ABOUT THIS EXERCISE –
Word for word, write out all the entries below, omitting every picture.

□ □ □

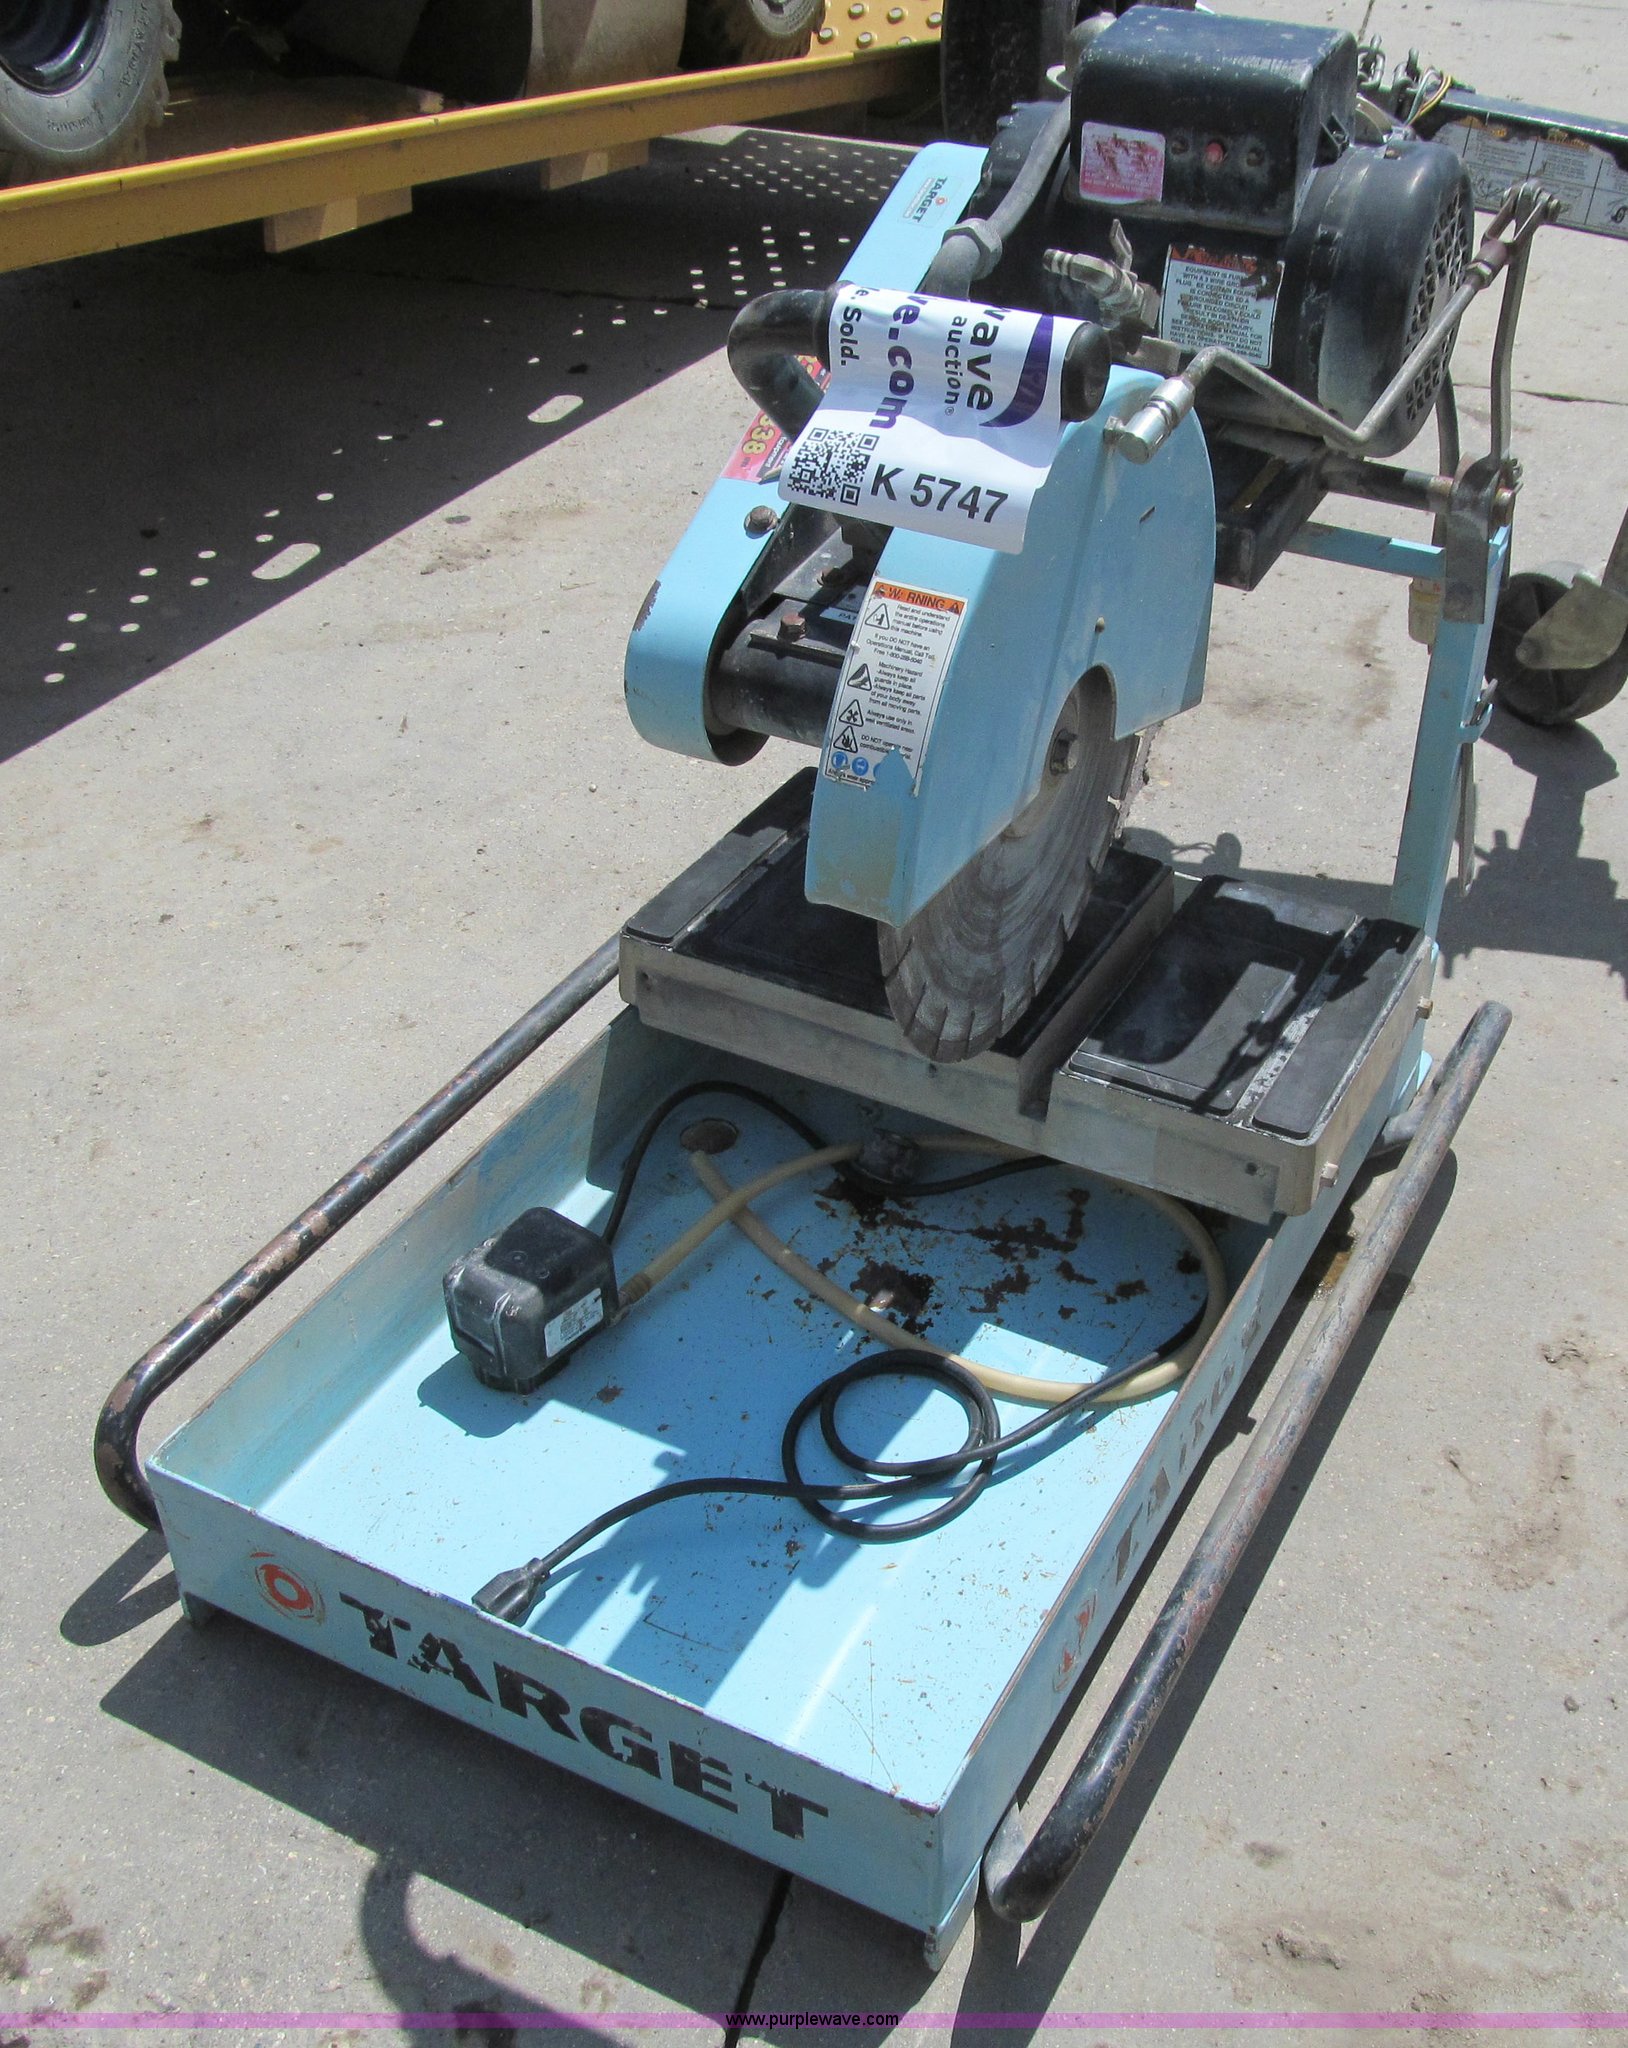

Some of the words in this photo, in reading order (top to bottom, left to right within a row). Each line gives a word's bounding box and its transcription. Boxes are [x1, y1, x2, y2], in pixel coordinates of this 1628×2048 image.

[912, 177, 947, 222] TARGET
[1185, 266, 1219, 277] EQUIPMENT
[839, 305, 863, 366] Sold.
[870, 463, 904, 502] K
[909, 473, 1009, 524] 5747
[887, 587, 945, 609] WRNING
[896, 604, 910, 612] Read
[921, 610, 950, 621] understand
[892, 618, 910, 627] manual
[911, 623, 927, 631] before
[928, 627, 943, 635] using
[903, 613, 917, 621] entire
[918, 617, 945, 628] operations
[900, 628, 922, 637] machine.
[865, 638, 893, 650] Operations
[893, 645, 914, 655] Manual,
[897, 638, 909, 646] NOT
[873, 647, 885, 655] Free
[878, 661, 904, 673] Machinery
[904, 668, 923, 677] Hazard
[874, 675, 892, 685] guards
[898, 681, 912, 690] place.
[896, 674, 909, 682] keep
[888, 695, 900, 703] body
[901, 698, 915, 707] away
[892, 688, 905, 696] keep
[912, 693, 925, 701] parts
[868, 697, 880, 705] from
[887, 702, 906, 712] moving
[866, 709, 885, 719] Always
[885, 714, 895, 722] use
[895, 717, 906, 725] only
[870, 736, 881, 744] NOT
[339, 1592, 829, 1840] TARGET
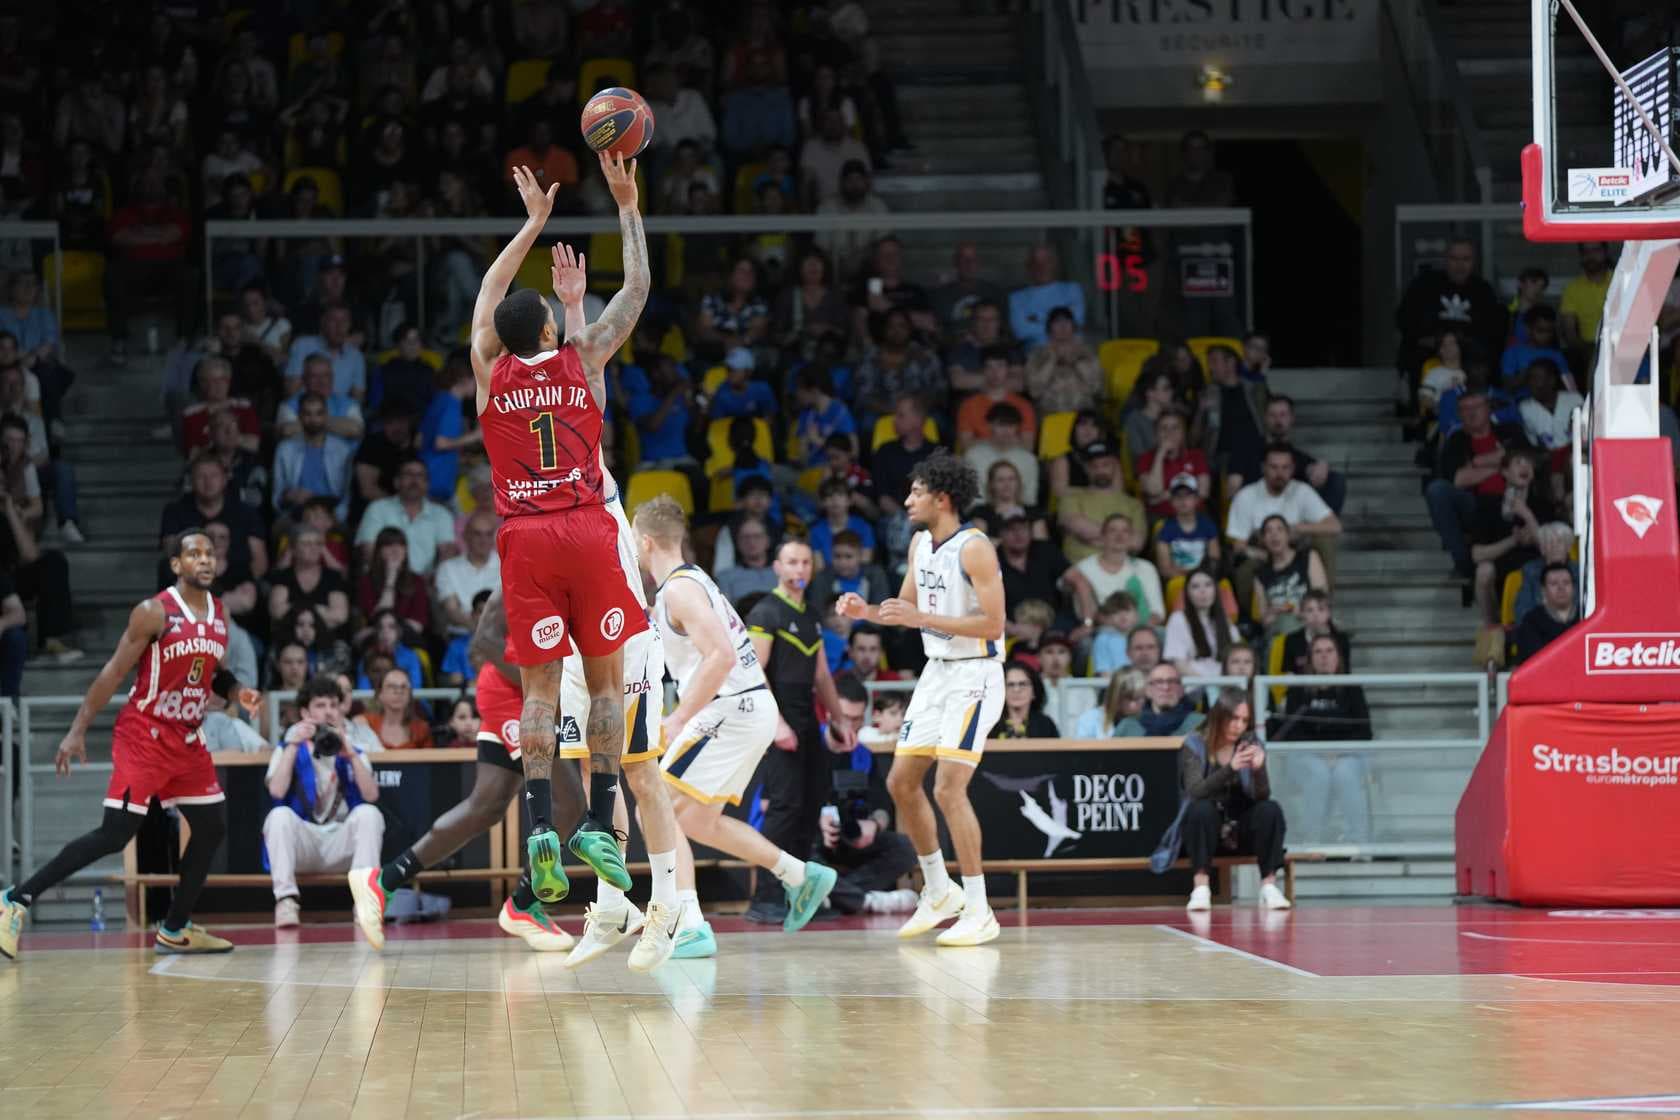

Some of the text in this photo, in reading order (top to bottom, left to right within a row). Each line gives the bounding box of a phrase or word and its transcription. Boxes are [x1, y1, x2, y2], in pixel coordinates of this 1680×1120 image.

□ □ □

WRITTEN ANSWER –
Some of the words in this photo, in reading order (top to bottom, left to right within a row). Each line gives a word's bounding box and its transcription. Boxes are [x1, y1, x2, y2], in pixel coordinates of this 1628×2048 image.

[912, 177, 947, 222] TARGET
[1185, 266, 1219, 277] EQUIPMENT
[839, 305, 863, 366] Sold.
[870, 463, 904, 502] K
[909, 473, 1009, 524] 5747
[887, 587, 945, 609] WRNING
[896, 604, 910, 612] Read
[921, 610, 950, 621] understand
[892, 618, 910, 627] manual
[911, 623, 927, 631] before
[928, 627, 943, 635] using
[903, 613, 917, 621] entire
[918, 617, 945, 628] operations
[900, 628, 922, 637] machine.
[865, 638, 893, 650] Operations
[893, 645, 914, 655] Manual,
[897, 638, 909, 646] NOT
[873, 647, 885, 655] Free
[878, 661, 904, 673] Machinery
[904, 668, 923, 677] Hazard
[874, 675, 892, 685] guards
[898, 681, 912, 690] place.
[896, 674, 909, 682] keep
[888, 695, 900, 703] body
[901, 698, 915, 707] away
[892, 688, 905, 696] keep
[912, 693, 925, 701] parts
[868, 697, 880, 705] from
[887, 702, 906, 712] moving
[866, 709, 885, 719] Always
[885, 714, 895, 722] use
[895, 717, 906, 725] only
[870, 736, 881, 744] NOT
[339, 1592, 829, 1840] TARGET

Some of the text in this photo, in reading order (top to bottom, left to right within a row). Each line gives the bounding box of a phrase or word and its transcription. Boxes are [x1, y1, x2, y2], in pixel coordinates of this 1680×1120 image.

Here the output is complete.